22 Ways to Make a Girl Smile
by Chaos Dragon
Summary: He just wants to make her smile.  Summary to be revised.  D/S


22 Ways to Make a Girl Smile

1

_Tell her she's beautiful, not just pretty._

Being a senior, Sam decided, wasn't all it was cracked up to be. Especially when one was already running late to the last class of the day, and was only going to be more so because of the snowballs the underclassmen had decided would make excellent target practice. Funny how Danny and Tucker hadn't been around, and that the kids doing the throwing never aimed for a single member of the A-List. Even more ironic that they'd been the only others out in the snow covered courtyard.

Now she was freezing, and she was wet, and she was definitely going to have detention. There was no way Lancer was going to let it slide, not even if she turned in the idiots who'd targeted her. She didn't even have the heart to blame them at any rate' it was easy to think of it as revenge for the nasty tricks the seniors tended to pull.

She would know. Even if she hadn't been the victim of it herself, she knew two very good friends who had been the victim of every kind of senior related prank that existed.

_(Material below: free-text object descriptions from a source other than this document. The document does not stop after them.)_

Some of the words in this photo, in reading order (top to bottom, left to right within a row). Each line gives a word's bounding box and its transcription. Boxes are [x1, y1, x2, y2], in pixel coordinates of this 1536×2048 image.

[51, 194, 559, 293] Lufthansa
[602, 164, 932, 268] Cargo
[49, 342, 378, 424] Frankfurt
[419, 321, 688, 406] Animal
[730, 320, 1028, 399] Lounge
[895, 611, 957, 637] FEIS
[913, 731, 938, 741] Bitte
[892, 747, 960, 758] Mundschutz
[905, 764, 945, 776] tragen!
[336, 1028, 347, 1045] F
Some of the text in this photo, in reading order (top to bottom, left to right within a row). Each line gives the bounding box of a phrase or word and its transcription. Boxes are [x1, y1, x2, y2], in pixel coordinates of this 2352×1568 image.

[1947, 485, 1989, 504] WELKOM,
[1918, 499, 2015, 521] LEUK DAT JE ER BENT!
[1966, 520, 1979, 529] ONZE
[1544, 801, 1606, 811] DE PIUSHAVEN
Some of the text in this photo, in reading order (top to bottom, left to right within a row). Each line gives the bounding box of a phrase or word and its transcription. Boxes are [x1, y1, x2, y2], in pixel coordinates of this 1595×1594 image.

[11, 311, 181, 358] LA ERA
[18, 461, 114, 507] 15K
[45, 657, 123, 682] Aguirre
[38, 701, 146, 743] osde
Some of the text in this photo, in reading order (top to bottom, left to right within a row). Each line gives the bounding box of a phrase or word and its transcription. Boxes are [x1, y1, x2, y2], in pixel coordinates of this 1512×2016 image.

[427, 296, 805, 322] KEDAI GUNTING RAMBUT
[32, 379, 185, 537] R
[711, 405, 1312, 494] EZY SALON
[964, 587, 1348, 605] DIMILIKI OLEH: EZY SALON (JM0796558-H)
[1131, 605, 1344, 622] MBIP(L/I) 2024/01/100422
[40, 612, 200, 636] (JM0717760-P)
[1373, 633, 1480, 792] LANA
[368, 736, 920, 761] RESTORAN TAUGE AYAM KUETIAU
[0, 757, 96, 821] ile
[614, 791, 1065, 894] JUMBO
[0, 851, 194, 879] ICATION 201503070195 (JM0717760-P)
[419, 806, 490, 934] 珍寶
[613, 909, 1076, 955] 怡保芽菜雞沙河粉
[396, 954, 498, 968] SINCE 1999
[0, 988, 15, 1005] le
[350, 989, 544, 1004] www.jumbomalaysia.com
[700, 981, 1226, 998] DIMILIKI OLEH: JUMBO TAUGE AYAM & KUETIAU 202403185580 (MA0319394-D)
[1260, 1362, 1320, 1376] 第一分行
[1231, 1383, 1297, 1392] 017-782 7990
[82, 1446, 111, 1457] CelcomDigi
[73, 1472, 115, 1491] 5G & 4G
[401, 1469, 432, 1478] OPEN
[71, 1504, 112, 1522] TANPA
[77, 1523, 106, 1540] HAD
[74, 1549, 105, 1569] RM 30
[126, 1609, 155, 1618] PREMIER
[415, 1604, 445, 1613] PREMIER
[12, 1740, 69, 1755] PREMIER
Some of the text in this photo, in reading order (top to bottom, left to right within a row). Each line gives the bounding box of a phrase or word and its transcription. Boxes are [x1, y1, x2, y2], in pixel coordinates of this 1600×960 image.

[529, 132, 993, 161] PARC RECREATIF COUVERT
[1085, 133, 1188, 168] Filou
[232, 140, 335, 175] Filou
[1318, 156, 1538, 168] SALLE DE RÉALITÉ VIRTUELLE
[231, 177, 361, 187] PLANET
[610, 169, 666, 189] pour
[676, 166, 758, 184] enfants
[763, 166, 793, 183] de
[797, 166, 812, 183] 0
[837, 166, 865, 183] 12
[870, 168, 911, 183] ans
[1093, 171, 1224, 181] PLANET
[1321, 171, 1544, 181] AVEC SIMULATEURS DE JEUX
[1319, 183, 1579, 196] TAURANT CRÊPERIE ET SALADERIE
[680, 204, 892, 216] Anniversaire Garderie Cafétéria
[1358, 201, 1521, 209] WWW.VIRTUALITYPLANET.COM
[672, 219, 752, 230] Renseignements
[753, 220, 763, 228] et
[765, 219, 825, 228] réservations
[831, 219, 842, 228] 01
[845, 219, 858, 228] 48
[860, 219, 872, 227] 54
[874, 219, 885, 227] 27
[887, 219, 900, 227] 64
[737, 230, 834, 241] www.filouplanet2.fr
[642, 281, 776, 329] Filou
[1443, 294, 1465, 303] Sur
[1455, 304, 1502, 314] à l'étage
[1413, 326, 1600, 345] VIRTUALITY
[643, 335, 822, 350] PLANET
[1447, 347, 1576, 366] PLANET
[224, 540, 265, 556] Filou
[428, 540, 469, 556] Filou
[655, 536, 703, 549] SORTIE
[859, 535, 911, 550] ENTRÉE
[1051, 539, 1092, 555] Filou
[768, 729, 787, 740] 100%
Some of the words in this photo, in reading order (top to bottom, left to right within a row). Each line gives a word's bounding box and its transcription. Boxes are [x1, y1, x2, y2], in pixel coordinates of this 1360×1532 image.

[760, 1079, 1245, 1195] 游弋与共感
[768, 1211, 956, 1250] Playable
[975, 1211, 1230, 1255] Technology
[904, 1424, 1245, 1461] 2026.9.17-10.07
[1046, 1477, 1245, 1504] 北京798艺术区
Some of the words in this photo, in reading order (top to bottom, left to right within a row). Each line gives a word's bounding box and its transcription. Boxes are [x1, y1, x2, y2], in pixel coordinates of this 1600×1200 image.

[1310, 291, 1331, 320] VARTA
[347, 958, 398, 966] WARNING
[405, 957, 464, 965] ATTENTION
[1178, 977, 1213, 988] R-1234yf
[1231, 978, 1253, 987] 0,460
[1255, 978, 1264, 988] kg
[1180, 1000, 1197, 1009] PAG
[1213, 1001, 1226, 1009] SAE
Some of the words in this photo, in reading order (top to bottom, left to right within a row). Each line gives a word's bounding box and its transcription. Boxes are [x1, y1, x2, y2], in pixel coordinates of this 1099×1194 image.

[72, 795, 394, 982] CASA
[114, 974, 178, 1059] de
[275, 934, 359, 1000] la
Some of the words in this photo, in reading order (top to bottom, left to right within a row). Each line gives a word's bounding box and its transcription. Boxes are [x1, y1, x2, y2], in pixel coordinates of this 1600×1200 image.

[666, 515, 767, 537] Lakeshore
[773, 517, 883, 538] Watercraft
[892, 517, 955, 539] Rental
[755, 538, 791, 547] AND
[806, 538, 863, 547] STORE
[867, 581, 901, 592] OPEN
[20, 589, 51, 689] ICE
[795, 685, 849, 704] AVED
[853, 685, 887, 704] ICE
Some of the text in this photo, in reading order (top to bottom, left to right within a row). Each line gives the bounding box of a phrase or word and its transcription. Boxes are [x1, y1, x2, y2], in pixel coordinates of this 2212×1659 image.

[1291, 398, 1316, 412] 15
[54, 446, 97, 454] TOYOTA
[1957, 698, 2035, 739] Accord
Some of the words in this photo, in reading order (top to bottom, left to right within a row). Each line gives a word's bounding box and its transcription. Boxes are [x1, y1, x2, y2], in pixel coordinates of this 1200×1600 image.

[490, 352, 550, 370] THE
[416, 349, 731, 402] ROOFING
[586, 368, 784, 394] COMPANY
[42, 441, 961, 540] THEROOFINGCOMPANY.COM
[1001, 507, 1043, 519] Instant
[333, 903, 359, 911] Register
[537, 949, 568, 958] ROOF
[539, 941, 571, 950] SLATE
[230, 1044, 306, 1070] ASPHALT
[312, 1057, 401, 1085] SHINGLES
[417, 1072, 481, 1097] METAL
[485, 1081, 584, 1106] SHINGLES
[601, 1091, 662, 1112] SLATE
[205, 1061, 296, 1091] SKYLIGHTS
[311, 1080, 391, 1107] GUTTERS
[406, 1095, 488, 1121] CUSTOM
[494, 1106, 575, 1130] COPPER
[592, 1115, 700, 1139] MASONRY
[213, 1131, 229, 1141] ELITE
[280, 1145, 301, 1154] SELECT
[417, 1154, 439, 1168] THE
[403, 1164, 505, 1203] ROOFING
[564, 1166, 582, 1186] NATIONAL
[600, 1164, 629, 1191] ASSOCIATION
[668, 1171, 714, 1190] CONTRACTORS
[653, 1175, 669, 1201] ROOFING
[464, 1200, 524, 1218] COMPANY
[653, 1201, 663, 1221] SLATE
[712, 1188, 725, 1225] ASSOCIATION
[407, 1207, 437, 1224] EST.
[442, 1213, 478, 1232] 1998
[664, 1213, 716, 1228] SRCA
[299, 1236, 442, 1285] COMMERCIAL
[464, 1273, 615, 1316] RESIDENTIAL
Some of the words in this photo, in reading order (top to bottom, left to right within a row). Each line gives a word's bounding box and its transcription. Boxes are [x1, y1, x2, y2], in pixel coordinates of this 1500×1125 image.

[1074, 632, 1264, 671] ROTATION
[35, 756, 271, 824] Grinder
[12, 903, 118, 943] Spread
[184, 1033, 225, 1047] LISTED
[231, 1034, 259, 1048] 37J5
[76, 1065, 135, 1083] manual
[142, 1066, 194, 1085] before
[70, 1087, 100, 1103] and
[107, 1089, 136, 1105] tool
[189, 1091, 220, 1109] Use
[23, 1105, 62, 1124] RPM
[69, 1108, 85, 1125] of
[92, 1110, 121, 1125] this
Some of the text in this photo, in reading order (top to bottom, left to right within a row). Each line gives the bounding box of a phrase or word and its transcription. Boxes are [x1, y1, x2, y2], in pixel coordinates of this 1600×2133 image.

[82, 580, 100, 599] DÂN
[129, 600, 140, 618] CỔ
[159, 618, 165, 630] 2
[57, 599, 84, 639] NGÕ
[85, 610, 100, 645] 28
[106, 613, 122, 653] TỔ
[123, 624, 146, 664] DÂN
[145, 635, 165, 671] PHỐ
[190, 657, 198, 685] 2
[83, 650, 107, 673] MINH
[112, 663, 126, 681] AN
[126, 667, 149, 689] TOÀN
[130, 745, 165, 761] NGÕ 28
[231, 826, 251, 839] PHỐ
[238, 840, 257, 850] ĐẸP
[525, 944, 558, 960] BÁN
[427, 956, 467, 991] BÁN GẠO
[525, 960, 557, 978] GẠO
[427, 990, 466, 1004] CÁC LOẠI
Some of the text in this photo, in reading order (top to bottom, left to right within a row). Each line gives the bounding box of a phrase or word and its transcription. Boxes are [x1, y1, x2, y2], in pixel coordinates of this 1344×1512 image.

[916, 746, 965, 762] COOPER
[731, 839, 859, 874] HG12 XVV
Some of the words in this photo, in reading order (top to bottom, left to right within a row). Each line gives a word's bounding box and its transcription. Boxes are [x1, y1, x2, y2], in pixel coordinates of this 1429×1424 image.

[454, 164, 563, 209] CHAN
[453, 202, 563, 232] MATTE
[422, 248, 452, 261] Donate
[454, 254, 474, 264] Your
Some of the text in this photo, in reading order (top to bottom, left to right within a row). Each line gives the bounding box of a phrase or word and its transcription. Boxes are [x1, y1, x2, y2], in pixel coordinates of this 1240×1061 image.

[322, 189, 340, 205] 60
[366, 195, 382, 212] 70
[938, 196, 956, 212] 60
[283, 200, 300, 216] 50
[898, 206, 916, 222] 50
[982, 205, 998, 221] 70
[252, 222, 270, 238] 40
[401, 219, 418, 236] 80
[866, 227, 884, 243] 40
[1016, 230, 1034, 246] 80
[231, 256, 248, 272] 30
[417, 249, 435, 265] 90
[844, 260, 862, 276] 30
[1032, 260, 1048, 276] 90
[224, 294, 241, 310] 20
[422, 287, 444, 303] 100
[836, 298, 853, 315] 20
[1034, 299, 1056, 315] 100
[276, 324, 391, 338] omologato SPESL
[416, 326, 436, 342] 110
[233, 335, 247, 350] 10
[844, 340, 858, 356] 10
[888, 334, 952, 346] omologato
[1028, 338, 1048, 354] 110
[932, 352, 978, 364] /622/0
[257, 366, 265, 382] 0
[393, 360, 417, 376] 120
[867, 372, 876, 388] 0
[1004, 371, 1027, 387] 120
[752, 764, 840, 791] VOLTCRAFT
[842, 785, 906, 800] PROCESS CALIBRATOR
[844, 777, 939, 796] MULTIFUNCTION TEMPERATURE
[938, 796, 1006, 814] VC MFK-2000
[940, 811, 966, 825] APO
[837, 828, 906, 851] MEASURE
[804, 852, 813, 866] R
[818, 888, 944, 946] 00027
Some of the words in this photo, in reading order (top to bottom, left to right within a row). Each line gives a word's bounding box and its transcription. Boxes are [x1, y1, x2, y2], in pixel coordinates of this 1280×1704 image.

Sam sighed as she shook the last if the slushy ice from her coat before tugging it back on. The bell rang and she could only sigh again as she trudged along to final period English. The door was closed, even if none of the other doors in the hallway were. Just like Lancer to make it even more obvious if someone was trying to slip in discretely.

"Detention, Ms. Manson," was all Lancer said as she quietly opened the door and slipped in. she could only nod as she started to head for her seat between Tucker and Danny.

There was a snort from her left and Sam looked up just in time to see Dash poke a foot out in the aisle. "Looks like you went swimming, Manson."

She all but bared her teeth at him as she realized he knew exactly why she'd been targeted even when he was one of the biggest bullies in the school. Convenience and the knowledge that Sam Manson wasn't going to pound anyone into the grounds for a little snowball.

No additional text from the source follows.